=== Problem to solve ===
Should an entry contain an image, omit it and repeat the rest exactly.

=== Data ===
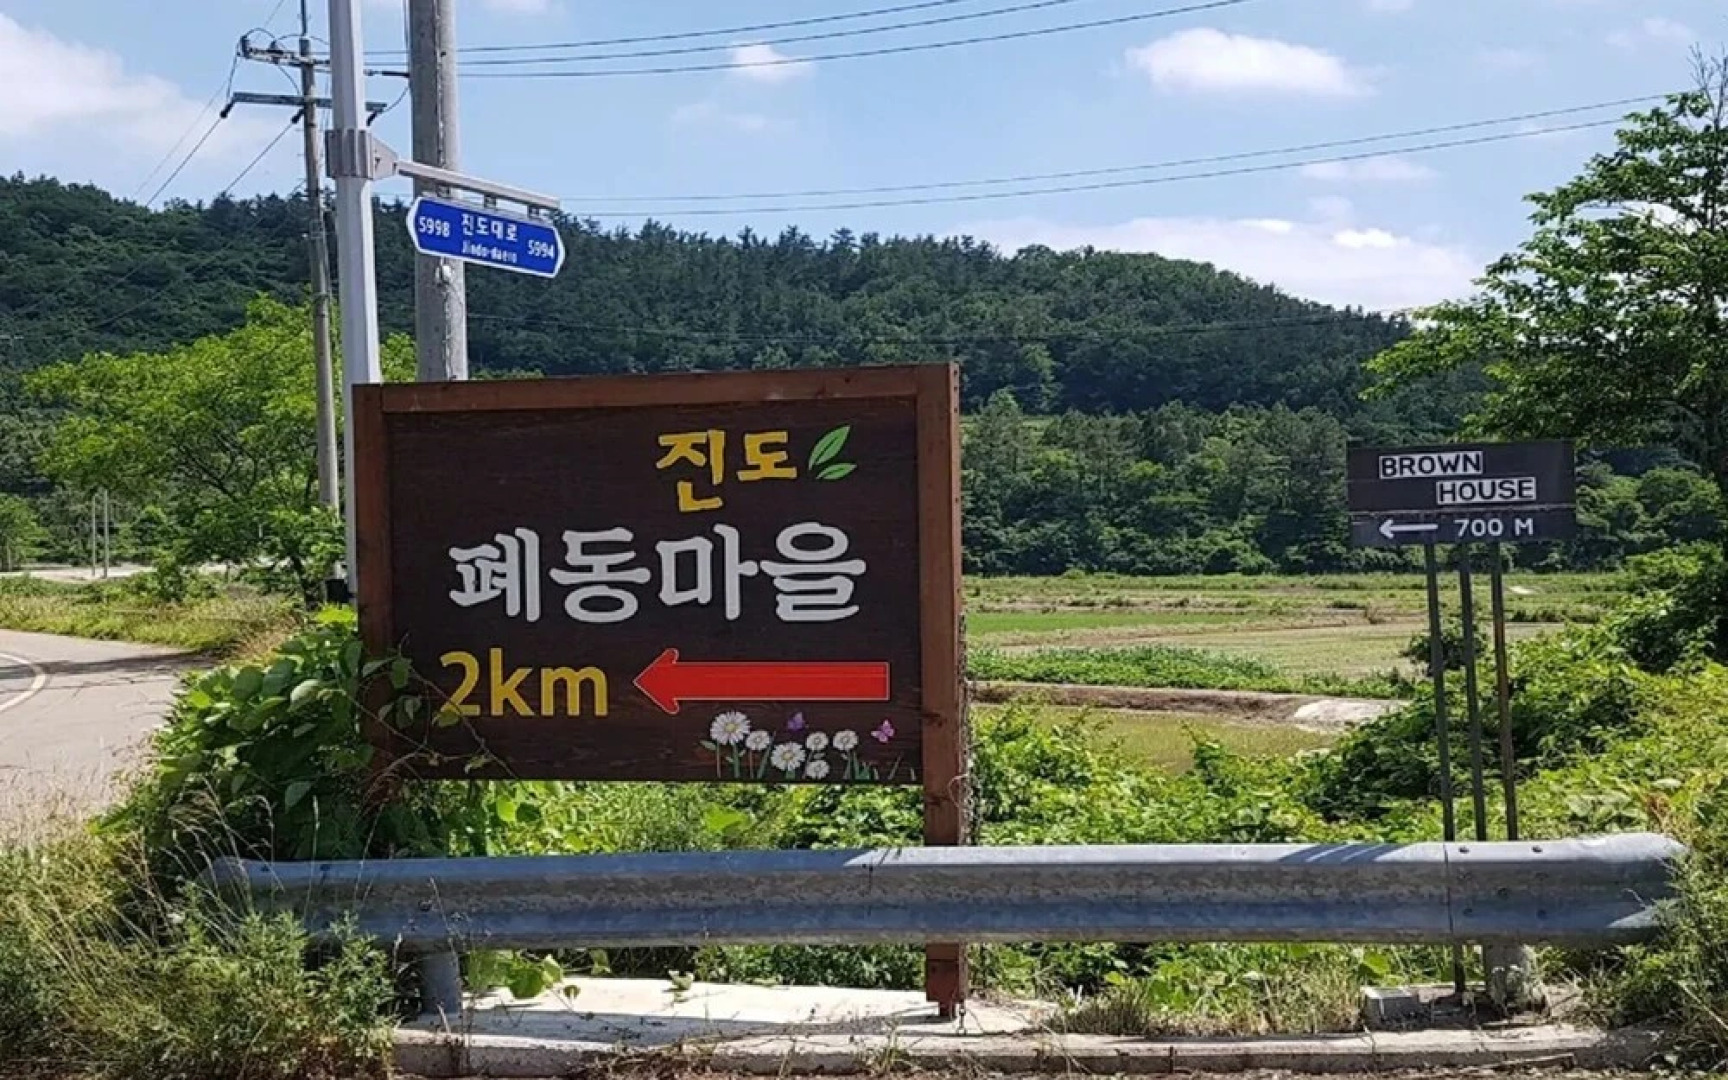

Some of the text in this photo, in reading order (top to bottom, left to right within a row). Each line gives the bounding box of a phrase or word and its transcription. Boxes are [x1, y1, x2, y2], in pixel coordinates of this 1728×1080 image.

[418, 215, 451, 238] 5998
[461, 213, 518, 242] 진도대로
[528, 239, 554, 260] 5994
[656, 428, 798, 513] 진도
[1381, 453, 1481, 477] BROWN
[1438, 479, 1534, 503] HOUSE
[1454, 517, 1535, 537] 700 M
[448, 521, 867, 624] 폐동마을
[439, 647, 609, 718] 2km
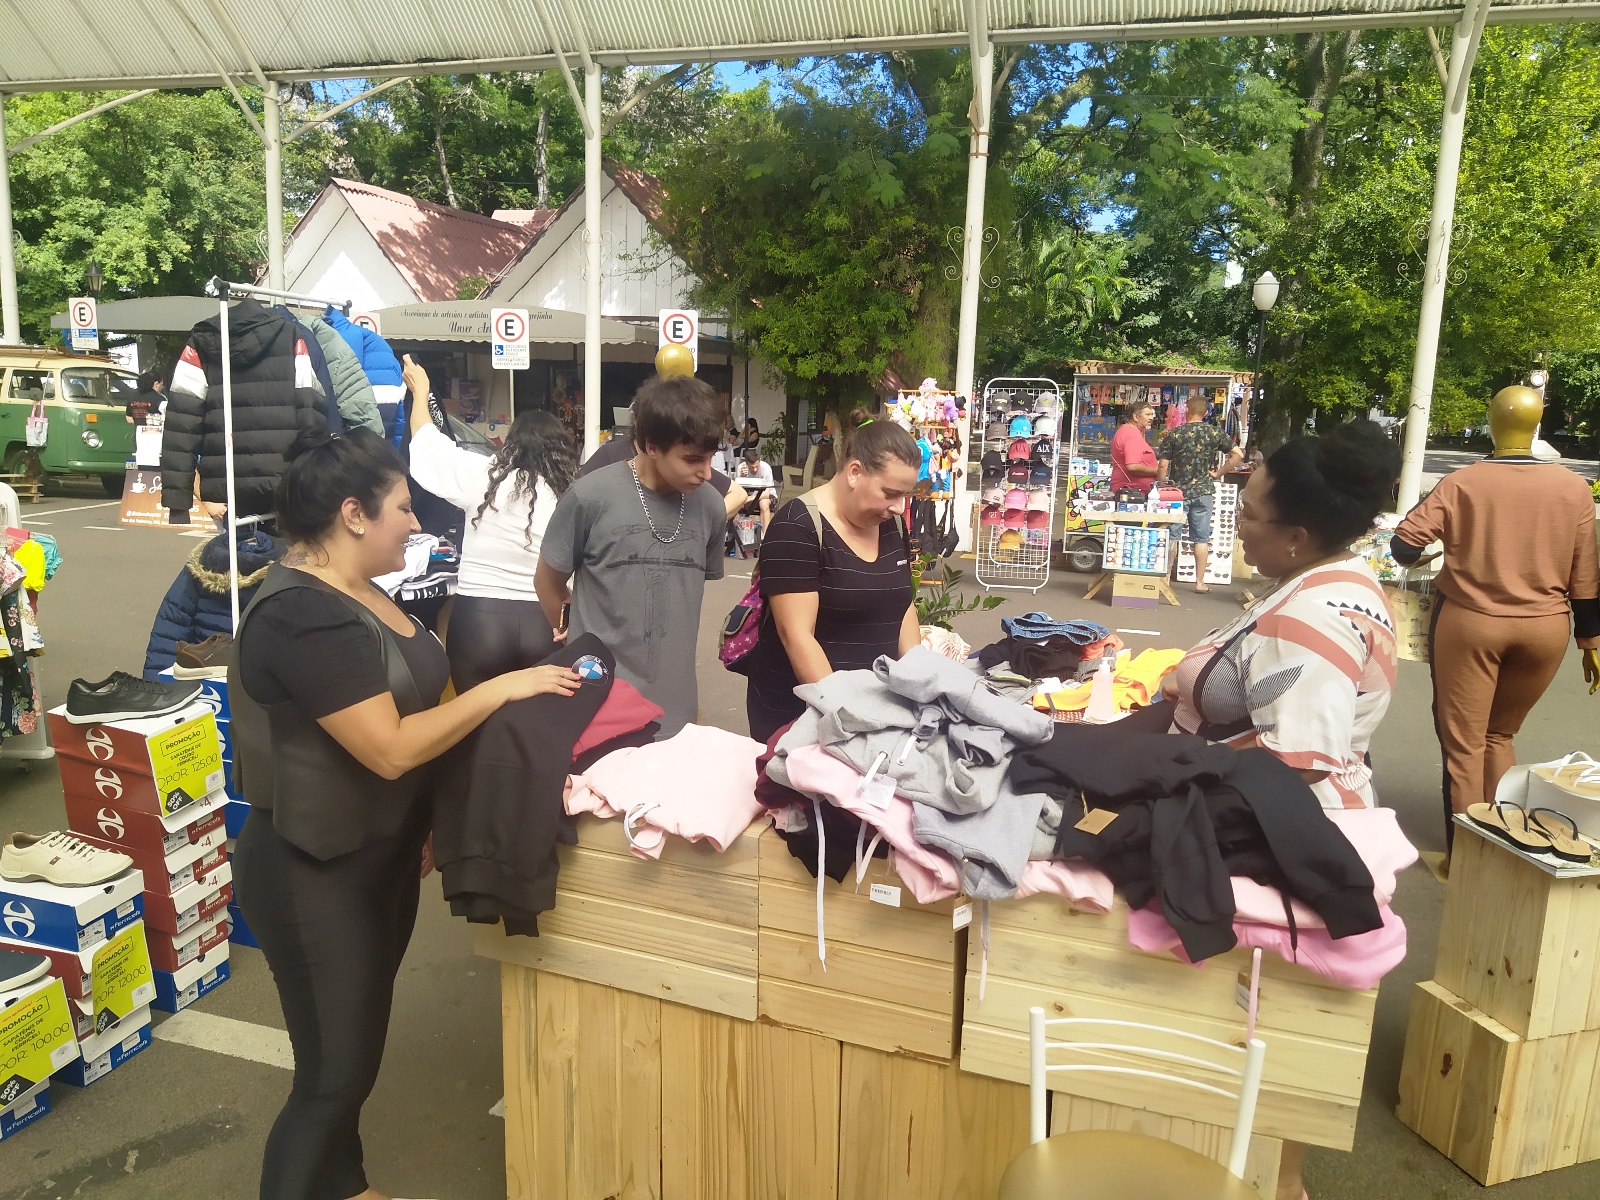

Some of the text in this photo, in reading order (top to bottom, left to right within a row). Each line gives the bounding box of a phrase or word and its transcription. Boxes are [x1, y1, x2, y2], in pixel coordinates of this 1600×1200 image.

[79, 306, 86, 321] E
[529, 311, 553, 321] grejinha
[505, 319, 515, 336] E
[673, 321, 683, 338] E
[166, 730, 200, 750] PROMOÇÃO
[192, 753, 218, 772] 125,00
[172, 796, 182, 810] OFF
[98, 943, 129, 969] PROMOÇÃO
[118, 965, 146, 989] 120,00
[3, 1017, 44, 1047] SAPATÊNIS DE
[14, 1029, 35, 1045] COURO
[31, 1022, 69, 1052] 100,00
[0, 1080, 16, 1100] 50%
[8, 1083, 20, 1101] OFF

=== Response ===
Some of the text in this photo, in reading order (top to bottom, left to right within a row). Each line gives the bounding box of a phrase or word and its transcription. Boxes are [x1, y1, x2, y2], in pixel coordinates of this 1728×1080 image.

[418, 215, 451, 238] 5998
[461, 213, 518, 242] 진도대로
[528, 239, 554, 260] 5994
[656, 428, 798, 513] 진도
[1381, 453, 1481, 477] BROWN
[1438, 479, 1534, 503] HOUSE
[1454, 517, 1535, 537] 700 M
[448, 521, 867, 624] 폐동마을
[439, 647, 609, 718] 2km

Some of the text in this photo, in reading order (top to bottom, left to right within a row). Each line gives the bounding box of a phrase or word and its transcription. Boxes are [x1, y1, x2, y2], in pixel coordinates of this 1600×1200 image.

[79, 306, 86, 321] E
[529, 311, 553, 321] grejinha
[505, 319, 515, 336] E
[673, 321, 683, 338] E
[166, 730, 200, 750] PROMOÇÃO
[192, 753, 218, 772] 125,00
[172, 796, 182, 810] OFF
[98, 943, 129, 969] PROMOÇÃO
[118, 965, 146, 989] 120,00
[3, 1017, 44, 1047] SAPATÊNIS DE
[14, 1029, 35, 1045] COURO
[31, 1022, 69, 1052] 100,00
[0, 1080, 16, 1100] 50%
[8, 1083, 20, 1101] OFF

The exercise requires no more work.